Third, we consider the scalability costs. Scaling a ChatGPT application to accommodate increased usage may involve higher computational costs for additional server resources. For instance, it includes purchasing servers with more CPUs and memory. Moreover, it may include a more advanced system design to accommodate a large amount of usage. On the other hand, establishing bedside teaching with a patient requires various administrative costs such as handling numerous voluntary patients.
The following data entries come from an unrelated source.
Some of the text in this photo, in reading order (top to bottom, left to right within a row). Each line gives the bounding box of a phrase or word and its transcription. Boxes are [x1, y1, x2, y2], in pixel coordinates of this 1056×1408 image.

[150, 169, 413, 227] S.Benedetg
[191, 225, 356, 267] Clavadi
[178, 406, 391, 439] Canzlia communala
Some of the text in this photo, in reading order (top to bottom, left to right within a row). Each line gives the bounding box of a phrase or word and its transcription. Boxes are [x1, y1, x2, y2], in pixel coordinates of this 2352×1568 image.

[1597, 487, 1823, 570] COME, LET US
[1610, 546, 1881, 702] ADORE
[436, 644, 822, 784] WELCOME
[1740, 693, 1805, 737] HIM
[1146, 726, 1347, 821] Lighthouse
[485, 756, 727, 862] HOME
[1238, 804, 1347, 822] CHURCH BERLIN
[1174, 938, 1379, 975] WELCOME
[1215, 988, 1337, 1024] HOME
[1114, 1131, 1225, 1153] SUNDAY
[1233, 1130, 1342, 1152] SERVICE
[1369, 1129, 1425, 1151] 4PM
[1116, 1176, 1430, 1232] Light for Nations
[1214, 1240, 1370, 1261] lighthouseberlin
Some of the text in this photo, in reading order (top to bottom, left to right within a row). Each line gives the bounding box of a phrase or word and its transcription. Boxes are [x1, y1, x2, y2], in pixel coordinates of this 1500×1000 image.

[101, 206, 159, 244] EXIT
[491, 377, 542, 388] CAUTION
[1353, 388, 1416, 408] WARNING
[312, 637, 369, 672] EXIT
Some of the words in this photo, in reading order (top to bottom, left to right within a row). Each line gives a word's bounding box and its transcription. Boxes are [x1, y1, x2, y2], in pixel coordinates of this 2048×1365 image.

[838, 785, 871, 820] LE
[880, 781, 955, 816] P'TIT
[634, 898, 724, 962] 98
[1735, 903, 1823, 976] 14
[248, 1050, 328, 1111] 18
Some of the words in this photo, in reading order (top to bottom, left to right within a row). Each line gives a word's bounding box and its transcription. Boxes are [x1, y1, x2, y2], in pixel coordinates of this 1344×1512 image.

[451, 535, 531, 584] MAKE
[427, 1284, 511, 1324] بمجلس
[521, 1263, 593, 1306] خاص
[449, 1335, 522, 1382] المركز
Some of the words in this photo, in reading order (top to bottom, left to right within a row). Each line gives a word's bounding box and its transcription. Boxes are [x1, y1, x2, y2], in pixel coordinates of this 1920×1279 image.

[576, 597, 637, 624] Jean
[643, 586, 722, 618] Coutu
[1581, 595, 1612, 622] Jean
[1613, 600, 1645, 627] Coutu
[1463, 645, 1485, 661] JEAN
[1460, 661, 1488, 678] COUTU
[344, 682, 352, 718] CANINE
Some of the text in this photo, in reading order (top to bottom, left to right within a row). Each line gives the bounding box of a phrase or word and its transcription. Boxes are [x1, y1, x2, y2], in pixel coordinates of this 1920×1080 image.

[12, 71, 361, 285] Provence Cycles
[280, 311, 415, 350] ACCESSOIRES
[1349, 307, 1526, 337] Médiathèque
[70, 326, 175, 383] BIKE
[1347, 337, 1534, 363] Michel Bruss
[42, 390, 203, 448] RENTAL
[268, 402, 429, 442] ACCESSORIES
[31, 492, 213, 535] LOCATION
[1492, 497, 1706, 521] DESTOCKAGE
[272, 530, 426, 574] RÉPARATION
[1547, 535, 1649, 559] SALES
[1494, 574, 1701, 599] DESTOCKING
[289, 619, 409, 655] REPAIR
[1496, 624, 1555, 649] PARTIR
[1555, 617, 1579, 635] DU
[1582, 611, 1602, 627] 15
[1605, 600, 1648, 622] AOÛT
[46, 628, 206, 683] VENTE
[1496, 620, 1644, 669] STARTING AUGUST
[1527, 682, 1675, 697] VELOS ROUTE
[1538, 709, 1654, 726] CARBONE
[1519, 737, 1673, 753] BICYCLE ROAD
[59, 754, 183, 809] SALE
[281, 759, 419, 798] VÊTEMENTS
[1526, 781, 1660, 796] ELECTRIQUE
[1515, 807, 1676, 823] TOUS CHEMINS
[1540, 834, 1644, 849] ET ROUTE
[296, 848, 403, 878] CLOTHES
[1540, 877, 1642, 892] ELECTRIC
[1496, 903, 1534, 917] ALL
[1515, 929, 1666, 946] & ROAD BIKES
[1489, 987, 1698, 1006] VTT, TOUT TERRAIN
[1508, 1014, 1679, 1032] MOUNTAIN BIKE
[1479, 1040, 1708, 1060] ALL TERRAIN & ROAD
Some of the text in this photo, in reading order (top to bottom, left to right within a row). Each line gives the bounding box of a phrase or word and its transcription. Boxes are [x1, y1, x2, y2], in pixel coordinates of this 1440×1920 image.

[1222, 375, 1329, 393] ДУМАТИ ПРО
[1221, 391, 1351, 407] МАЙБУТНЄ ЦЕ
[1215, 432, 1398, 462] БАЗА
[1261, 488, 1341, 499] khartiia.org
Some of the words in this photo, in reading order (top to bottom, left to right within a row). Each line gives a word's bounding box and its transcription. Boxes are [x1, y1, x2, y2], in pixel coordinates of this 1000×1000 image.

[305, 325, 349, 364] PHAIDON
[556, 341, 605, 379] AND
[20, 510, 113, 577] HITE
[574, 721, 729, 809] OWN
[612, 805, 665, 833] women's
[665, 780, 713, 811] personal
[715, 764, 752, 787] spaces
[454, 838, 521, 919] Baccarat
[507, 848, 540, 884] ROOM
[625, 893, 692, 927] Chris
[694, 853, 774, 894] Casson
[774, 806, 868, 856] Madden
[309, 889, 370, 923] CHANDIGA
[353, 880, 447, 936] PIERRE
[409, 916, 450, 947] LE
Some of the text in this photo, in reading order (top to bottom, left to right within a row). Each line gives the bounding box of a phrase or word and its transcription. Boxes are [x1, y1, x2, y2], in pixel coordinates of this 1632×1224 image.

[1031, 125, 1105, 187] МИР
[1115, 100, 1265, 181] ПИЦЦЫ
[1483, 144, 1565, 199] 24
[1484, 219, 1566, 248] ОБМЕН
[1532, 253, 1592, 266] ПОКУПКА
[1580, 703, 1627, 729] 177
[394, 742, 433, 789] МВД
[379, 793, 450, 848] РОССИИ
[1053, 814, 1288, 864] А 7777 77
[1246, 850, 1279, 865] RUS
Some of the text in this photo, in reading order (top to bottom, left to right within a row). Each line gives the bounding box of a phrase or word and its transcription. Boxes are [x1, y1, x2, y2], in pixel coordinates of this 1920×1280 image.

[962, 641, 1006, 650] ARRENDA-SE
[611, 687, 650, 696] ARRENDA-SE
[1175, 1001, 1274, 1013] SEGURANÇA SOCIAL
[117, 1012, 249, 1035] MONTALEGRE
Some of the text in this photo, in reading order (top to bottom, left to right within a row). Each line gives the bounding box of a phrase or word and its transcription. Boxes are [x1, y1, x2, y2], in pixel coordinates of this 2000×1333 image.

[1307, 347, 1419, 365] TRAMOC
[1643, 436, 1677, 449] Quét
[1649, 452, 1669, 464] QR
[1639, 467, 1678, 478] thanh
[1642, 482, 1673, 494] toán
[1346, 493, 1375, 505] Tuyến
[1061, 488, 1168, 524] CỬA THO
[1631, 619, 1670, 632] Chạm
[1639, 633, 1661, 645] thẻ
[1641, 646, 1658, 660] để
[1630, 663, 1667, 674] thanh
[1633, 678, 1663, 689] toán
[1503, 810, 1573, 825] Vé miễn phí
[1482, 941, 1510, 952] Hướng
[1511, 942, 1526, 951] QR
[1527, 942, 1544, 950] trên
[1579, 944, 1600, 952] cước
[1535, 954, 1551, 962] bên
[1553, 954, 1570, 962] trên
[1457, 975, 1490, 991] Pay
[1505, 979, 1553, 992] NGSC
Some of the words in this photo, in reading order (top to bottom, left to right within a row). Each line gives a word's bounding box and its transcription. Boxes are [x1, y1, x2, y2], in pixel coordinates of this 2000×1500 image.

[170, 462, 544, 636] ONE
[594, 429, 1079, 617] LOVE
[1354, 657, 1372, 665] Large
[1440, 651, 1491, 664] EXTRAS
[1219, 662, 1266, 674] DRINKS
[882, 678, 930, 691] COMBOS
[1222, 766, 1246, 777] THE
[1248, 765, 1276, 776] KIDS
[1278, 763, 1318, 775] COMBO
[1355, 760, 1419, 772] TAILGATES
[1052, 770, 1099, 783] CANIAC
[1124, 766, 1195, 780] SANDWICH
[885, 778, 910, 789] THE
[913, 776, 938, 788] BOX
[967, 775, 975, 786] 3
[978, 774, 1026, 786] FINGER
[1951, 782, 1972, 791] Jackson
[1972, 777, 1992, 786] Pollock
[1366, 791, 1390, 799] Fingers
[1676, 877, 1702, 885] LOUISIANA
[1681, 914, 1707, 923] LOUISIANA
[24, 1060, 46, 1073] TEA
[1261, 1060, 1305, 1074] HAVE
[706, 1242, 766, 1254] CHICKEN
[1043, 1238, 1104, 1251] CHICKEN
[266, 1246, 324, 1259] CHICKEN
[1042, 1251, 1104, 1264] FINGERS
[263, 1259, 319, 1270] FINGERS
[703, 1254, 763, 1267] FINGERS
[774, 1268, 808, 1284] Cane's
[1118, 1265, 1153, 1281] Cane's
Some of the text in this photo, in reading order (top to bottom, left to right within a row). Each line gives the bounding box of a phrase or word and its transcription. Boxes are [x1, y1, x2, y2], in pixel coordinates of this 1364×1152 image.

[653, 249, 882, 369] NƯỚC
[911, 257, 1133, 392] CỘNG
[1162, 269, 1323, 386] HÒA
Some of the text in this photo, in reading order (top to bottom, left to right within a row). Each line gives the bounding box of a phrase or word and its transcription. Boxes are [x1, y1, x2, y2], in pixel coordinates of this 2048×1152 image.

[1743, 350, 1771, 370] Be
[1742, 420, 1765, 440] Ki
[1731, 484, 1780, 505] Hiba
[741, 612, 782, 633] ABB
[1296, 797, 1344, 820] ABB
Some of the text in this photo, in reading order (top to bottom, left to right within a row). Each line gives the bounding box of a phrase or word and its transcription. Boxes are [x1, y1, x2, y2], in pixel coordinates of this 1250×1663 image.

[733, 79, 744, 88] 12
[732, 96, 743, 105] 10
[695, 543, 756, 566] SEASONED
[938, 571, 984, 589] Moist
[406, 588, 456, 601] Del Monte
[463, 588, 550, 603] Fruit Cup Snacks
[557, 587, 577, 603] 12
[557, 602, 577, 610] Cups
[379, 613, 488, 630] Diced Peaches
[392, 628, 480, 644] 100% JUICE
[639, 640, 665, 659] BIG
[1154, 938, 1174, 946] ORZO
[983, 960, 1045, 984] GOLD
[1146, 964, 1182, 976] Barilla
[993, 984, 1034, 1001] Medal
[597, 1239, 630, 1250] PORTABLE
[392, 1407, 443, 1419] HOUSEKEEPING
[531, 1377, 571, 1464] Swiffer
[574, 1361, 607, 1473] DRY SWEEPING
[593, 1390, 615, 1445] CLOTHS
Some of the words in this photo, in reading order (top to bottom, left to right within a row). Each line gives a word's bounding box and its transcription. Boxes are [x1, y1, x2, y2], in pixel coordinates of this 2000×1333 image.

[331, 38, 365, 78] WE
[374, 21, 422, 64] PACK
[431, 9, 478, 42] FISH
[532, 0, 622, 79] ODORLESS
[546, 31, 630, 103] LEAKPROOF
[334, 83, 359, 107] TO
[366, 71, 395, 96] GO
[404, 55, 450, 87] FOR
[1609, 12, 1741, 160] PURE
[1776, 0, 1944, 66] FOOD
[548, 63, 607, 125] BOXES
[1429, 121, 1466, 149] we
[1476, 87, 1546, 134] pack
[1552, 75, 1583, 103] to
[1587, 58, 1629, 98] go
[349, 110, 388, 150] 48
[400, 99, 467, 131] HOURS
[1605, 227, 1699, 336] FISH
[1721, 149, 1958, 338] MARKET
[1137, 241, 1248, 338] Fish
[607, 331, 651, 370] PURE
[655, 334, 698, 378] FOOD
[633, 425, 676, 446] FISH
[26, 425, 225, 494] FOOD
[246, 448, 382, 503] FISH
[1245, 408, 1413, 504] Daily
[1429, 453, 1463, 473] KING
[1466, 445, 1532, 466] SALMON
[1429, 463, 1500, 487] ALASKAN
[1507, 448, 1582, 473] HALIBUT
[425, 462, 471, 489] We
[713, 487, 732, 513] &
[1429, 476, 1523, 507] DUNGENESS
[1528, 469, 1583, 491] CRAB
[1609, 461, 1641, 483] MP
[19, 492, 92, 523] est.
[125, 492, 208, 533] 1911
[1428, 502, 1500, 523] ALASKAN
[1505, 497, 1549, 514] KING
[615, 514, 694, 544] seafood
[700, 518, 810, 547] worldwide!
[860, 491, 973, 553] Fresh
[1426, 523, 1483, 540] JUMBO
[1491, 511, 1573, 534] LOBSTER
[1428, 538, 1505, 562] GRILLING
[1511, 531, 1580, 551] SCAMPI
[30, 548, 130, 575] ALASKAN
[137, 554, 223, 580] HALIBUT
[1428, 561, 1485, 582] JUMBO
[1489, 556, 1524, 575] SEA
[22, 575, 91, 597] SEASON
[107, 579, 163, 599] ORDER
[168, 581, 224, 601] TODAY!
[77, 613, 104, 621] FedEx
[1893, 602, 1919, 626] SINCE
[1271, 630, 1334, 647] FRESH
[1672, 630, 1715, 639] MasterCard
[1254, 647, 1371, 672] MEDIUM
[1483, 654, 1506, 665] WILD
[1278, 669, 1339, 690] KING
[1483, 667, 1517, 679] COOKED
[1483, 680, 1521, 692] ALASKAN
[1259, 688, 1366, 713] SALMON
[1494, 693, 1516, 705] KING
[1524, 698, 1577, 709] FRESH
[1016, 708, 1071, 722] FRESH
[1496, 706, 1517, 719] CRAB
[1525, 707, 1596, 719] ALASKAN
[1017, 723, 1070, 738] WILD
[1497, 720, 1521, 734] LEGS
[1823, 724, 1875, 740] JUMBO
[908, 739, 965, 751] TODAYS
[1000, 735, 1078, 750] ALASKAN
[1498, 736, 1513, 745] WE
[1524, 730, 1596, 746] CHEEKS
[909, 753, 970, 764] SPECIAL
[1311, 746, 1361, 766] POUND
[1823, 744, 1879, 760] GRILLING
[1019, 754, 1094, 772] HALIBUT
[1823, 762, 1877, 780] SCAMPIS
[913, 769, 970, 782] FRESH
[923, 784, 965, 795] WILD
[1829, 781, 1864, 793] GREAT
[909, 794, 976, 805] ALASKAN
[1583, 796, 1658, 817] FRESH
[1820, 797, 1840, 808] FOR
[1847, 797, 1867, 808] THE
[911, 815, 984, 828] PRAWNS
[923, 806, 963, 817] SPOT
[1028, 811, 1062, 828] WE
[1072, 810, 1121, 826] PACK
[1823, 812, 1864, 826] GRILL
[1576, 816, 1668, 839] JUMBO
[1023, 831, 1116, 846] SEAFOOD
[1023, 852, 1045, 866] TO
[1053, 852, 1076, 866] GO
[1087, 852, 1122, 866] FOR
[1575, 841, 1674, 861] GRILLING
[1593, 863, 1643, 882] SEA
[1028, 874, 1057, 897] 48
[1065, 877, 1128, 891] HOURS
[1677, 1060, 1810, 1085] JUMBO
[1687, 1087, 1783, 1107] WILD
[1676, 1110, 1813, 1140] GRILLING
Fourth, we consider the costs on system maintenance and support. Maintenance and support costs for the chatbot application involve performance monitoring, addressing technical issues, and user assistance. Moreover, it is require to observe the output of the chatbot in order to prevent false information to affect the learning outcome. However, there are no cost on maintenance and support requirement from the typical bedside teaching.

Lastly, we consider the availability cost. For out chatbot, the virtual patients are always available except for the system maintenance time. However, the availability of patients is limited. We are not able to ask all the medical students to attend since the patient needs to have a good rest, and the patient will be discharged when she is getting better.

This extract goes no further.